Many challenges confront researchers attempting to express recombinant proteins. Post-translational modifications, quantity produced, and recapitulating function are chief among them. These and other issues will be discussed at CHI’s “Difficult to Express Proteins” conference to be held later this month. Cutting-edge solutions include new ways to optimize gene sequences, novel fusion proteins or tags, and enhancements to functional assays for membrane proteins.
Many lines of evidence have demonstrated that changing the protein coding sequence of a gene can dramatically affect its expression. According to Mark Welch, Ph.D., director of gene design at DNA2.0, “the key is to know which codons to change. Although researchers previously had to isolate and clone genes of interest, we can now tailor-make genes synthetically. This allows us to optimize genes based upon what organism will be used for expression.”
Dr. Welch notes that the field is currently lacking systematic studies showing what gene characteristics are optimal. “There’s a lot of protein-expression folklore involved in design principles, yet also an absence of uniform experimental data. There are a confounding number of variables among examples in the literature that differ in the proteins expressed, vectors, host strains, etc. In each example you generally are presented with only two data points, a natural gene and a synthetic version. There has been no reliable way to combine results from these often contradictory experiments.”
To address this issue, DNA2.0 embarked on a detailed analysis in which it designed and independently synthesized about 40 genes each for two proteins, a DNA polymerase, and a single chain antibody. Each set systematically sampled codon usage and other variables thought relevant to protein expression.

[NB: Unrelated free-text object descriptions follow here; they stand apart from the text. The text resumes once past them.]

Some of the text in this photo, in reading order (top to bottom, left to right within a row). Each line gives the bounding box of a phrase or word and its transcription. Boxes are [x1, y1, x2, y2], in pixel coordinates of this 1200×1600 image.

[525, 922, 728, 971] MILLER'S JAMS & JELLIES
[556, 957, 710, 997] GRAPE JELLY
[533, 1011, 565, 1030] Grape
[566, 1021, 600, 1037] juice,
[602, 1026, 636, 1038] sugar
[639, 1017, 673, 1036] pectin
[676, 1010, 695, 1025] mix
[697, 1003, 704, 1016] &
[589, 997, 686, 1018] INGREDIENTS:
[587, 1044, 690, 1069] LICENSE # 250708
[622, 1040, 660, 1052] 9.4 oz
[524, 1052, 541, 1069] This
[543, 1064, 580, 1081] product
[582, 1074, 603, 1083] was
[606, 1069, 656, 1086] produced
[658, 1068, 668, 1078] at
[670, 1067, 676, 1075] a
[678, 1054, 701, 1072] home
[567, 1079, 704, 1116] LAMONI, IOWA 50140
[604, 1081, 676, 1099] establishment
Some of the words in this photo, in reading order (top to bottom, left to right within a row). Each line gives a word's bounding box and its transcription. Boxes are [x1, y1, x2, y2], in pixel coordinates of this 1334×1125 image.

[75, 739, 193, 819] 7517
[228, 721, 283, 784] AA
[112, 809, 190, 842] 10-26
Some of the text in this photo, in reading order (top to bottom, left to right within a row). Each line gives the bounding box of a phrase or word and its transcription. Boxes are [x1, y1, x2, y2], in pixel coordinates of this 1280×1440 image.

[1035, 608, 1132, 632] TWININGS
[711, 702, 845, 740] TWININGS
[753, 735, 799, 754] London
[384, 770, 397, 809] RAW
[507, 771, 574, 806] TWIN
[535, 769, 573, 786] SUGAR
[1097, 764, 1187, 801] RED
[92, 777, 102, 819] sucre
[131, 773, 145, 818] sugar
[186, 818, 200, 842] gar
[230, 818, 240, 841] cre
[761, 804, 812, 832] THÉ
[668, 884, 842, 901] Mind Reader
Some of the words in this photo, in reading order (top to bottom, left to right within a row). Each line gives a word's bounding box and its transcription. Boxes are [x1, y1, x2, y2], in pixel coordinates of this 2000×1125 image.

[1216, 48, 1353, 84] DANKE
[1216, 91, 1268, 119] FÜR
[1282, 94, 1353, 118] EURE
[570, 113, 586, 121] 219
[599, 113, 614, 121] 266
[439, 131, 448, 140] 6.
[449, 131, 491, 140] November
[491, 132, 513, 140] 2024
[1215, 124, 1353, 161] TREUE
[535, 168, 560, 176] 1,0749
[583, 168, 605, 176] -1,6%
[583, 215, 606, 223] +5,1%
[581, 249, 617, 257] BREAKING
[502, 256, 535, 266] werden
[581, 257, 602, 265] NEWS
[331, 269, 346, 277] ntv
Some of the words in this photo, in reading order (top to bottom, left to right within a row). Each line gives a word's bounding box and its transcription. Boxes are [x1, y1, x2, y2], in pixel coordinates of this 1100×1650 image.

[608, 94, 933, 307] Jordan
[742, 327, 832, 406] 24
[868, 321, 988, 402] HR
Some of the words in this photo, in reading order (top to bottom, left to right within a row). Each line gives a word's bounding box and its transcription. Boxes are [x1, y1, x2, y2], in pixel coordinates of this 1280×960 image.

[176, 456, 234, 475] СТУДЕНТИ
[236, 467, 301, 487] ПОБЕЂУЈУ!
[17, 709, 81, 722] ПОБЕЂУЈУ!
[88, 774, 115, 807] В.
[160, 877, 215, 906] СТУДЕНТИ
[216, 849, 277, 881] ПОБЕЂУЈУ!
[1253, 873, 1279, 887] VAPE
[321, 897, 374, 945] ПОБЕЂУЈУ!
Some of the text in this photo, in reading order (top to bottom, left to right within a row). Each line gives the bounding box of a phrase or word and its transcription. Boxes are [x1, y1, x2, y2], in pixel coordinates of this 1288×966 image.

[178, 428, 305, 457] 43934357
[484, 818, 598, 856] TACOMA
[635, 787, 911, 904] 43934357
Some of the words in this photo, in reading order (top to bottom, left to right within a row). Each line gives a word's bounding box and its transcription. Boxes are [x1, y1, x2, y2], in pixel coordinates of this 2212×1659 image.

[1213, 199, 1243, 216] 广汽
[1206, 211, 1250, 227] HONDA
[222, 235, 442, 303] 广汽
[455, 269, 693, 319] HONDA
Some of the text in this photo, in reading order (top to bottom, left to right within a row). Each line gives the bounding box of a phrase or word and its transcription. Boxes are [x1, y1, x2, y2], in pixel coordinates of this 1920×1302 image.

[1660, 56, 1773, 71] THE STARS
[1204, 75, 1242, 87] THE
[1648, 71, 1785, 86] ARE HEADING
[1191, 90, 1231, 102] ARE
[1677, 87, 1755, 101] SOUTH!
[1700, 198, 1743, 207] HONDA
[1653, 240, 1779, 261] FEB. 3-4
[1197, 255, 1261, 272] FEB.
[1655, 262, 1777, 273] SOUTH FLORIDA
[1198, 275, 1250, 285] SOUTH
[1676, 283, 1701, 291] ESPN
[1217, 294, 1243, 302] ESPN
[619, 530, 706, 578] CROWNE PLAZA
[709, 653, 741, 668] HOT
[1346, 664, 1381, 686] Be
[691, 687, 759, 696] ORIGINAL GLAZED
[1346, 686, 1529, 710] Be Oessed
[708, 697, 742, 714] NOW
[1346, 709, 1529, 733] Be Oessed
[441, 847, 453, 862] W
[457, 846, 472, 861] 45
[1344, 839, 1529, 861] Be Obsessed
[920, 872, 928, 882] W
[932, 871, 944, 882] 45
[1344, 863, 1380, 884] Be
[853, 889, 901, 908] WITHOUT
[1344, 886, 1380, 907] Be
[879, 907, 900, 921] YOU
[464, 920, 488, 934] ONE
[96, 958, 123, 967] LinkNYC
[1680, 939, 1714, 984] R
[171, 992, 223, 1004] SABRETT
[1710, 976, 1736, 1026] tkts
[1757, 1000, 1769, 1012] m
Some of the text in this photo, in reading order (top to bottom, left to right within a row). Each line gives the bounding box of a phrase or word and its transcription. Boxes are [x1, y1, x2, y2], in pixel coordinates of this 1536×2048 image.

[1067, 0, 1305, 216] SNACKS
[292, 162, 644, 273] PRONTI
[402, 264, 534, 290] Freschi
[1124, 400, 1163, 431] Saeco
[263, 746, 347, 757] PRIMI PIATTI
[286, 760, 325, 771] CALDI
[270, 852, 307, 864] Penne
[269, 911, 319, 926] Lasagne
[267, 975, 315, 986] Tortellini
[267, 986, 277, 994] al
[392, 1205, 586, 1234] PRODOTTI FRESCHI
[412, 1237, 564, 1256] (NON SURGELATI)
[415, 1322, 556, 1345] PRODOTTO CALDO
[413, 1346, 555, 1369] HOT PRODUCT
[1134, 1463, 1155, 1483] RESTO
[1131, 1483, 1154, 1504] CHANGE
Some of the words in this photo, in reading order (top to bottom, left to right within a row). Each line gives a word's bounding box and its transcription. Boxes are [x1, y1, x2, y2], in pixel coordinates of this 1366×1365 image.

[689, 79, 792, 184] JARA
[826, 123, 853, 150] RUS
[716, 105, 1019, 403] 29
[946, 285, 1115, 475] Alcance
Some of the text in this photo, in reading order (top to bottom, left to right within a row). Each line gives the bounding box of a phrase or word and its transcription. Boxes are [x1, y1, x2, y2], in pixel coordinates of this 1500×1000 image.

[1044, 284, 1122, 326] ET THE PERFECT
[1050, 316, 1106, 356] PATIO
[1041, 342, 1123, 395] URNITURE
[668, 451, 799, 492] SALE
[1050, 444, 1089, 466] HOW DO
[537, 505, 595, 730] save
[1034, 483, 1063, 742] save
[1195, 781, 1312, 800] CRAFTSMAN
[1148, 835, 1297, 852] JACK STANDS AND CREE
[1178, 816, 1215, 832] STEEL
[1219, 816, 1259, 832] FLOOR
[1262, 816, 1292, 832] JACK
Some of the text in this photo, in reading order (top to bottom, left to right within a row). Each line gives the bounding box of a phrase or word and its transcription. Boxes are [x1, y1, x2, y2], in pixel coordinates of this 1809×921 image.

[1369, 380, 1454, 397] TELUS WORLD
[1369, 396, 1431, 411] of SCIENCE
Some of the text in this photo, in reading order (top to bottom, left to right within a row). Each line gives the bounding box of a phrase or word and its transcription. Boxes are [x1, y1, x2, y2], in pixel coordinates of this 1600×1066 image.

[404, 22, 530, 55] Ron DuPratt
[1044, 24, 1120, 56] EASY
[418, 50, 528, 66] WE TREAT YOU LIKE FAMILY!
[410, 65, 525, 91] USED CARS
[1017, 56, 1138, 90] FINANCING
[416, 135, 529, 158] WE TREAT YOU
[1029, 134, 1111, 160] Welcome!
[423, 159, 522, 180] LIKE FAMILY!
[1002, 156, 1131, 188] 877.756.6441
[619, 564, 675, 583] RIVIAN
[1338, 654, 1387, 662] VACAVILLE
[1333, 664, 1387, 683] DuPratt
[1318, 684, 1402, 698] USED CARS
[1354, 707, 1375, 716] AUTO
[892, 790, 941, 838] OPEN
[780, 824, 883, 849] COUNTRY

“We found that synonymous codon variation produced more than a 40-fold difference in expression levels. We identified sequence characteristics that correlated with expression by combining multivariate regression methods along with genetic algorithms. Contrary to popular assumptions, we found that codon preferences did not correlate with the codon bias found in natural host genes.”
Dr. Welch suggests that DNA2.0’s strategy can be used in any expression system. It already has been successfully applied to expression in mammalian, yeast, plant, and fungal hosts. “Systematic variation and modeling provide a more reliable way to improve gene design for any host. In every study we’ve obtained dramatic improvements relative to prior optimization strategies. This adds great value to our genes, particularly for clients expressing high-value proteins where even a small boost in expression can mean considerable savings in time and money.”